- [Work item] Exclude images and print all the records verbatim.

◇ ◇ ◇ ◇ ◇

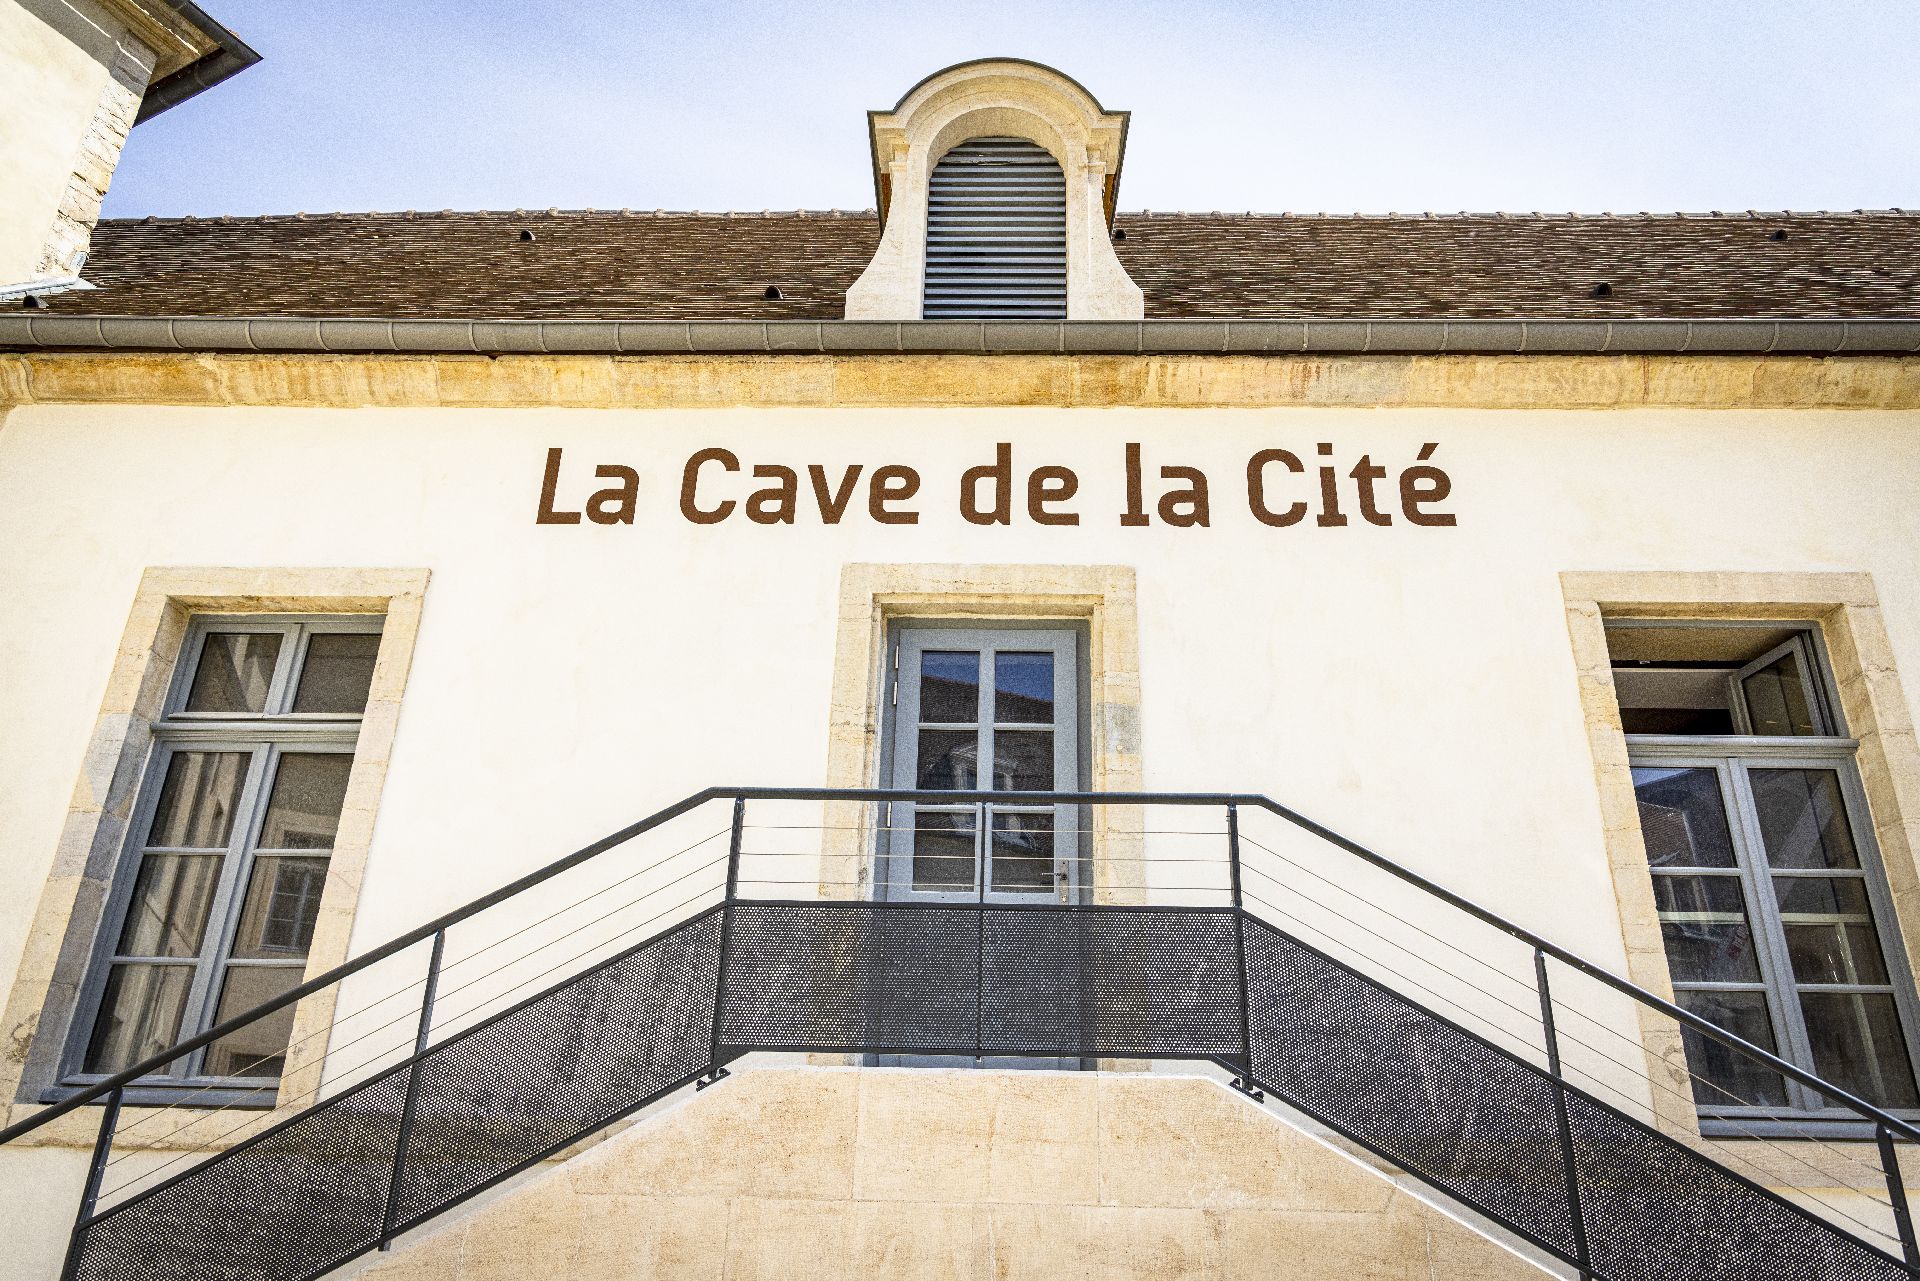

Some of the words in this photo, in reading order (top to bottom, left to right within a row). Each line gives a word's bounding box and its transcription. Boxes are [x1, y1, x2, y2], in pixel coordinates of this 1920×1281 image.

[536, 447, 640, 525] La
[680, 447, 921, 525] Cave
[960, 443, 1079, 526] de
[1120, 443, 1210, 527] la
[1247, 443, 1457, 528] Cité

◇ ◇ ◇ ◇ ◇

- [Exercise solution]
Some of the words in this photo, in reading order (top to bottom, left to right within a row). Each line gives a word's bounding box and its transcription. Boxes are [x1, y1, x2, y2], in pixel coordinates of this 1920×1281 image.

[536, 447, 640, 525] La
[680, 447, 921, 525] Cave
[960, 443, 1079, 526] de
[1120, 443, 1210, 527] la
[1247, 443, 1457, 528] Cité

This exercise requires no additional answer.